Saga patterns coordinate long-running distributed transactions without distributed locks. Choreography-based sagas have each service listen for events and publish new events, with no central coordinator. Orchestration-based sagas use a central coordinator to direct the transaction flow. Each step includes a compensating transaction to undo its effects if the saga fails. This enables eventual consistency across services while maintaining business invariants. Sagas require careful design of compensating actions and handling of partial failures.

Bulkhead patterns isolate resources to prevent failures from spreading. Named after ship compartments that prevent flooding from spreading, this pattern partitions resources like thread pools, connection pools, and memory. If one partition fails or becomes saturated, others remain functional. This improves resilience by limiting the blast radius of failures. Thread pool bulkheads dedicate separate pools to different operations. Circuit breakers often combine with bulkheads for comprehensive failure isolation.

Retry patterns handle transient failures through repeated attempts with exponential backoff. Simple retries immediately reattempt failed operations, but can overwhelm struggling services. Exponential backoff increases delay between retries, giving services time to recover. Jitter adds randomness to retry timing, preventing thundering herds where many clients retry simultaneously. Maximum retry limits prevent infinite loops. Idempotency ensures retried operations produce the same result as single operations, critical for safe retries.

Ruby Implementation

Ruby applications typically participate in distributed systems as service components rather than implementing core distributed system algorithms. Ruby's dynamic nature, garbage collection, and global interpreter lock make it less suitable for low-level distributed systems infrastructure, but well-suited for application services that use distributed system platforms.
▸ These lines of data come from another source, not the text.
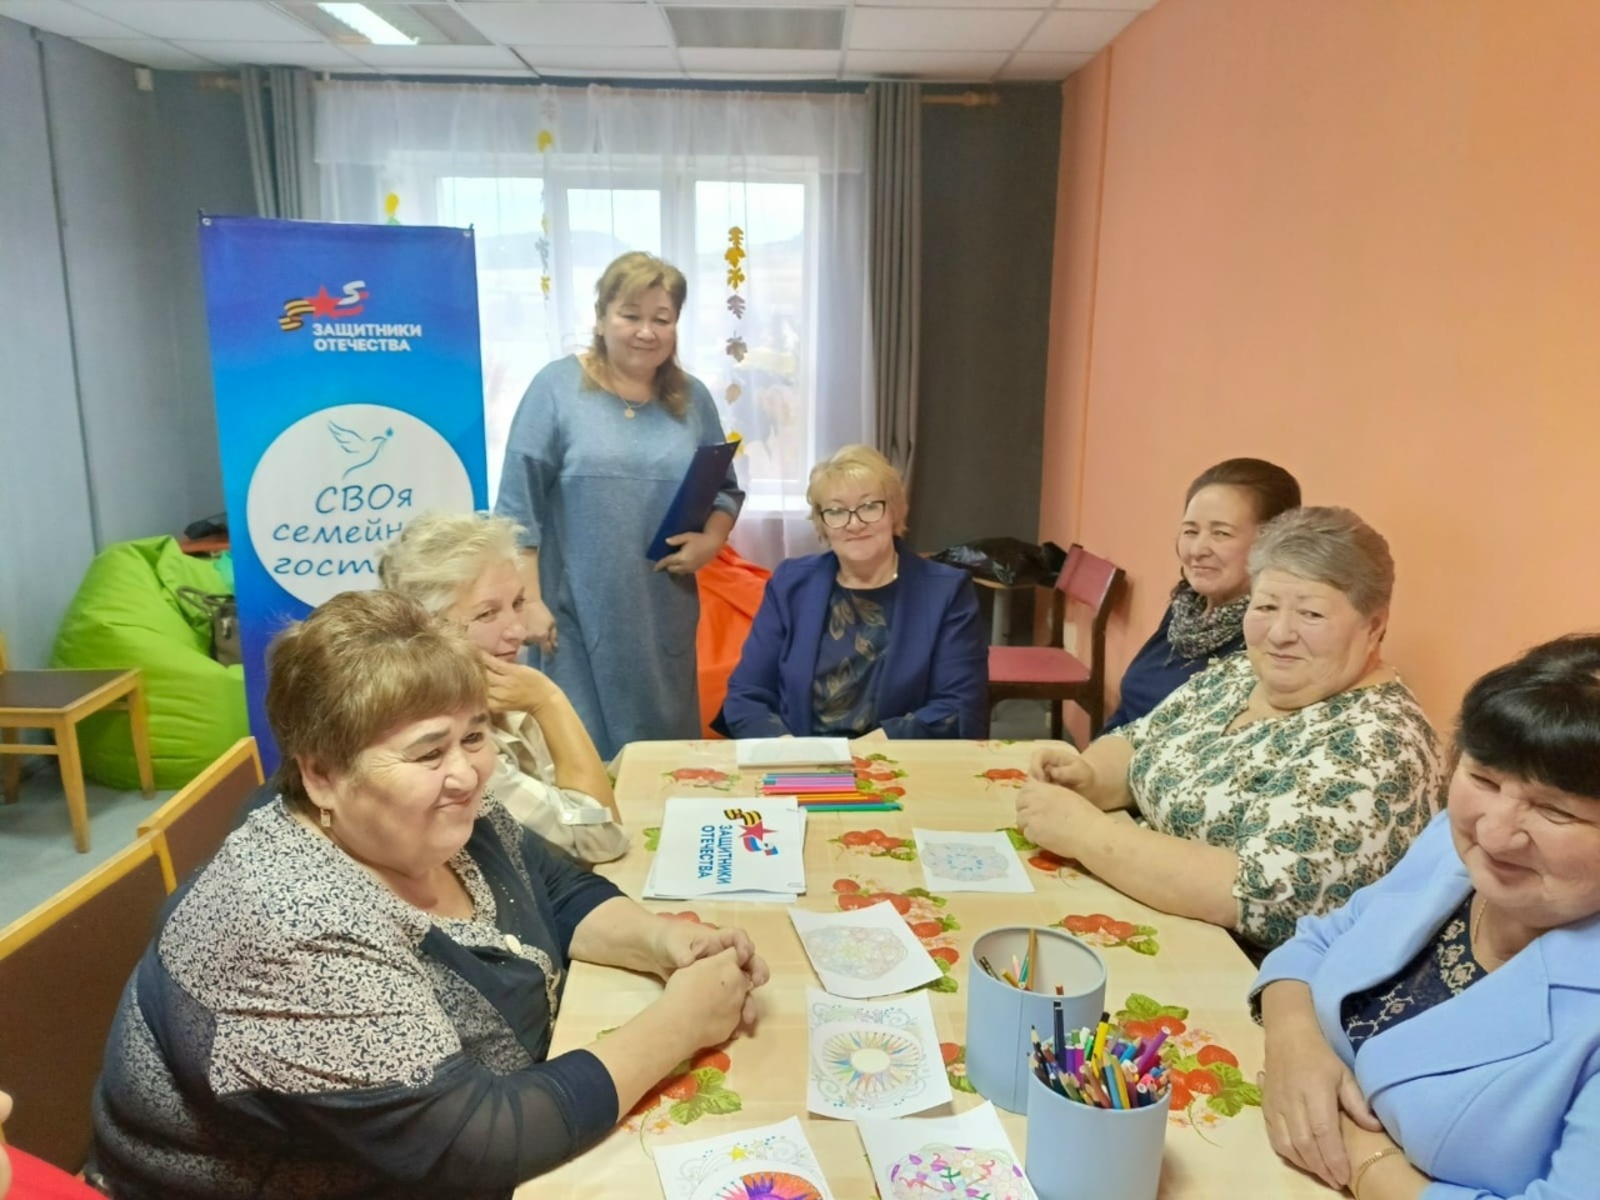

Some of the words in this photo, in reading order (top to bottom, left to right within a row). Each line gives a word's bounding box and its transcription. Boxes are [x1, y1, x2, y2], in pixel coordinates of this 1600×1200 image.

[313, 322, 422, 338] ЗАЩИТНИКИ
[314, 338, 411, 352] ОТЕЧЕСТВА
[315, 483, 413, 514] СВОя
[272, 518, 403, 544] семейн
[273, 557, 376, 577] гост
[698, 825, 715, 879] ОТЕЧЕСТВА
[716, 824, 733, 884] ЗАЩИТНИКИ
Message queue integration enables asynchronous communication between services. Sidekiq provides background job processing backed by Redis, supporting distributed workers across multiple servers. Jobs serialize to JSON, get stored in Redis queues, and workers fetch and execute them. Sidekiq handles retries, dead letter queues, and job scheduling. It scales horizontally by adding workers without code changes.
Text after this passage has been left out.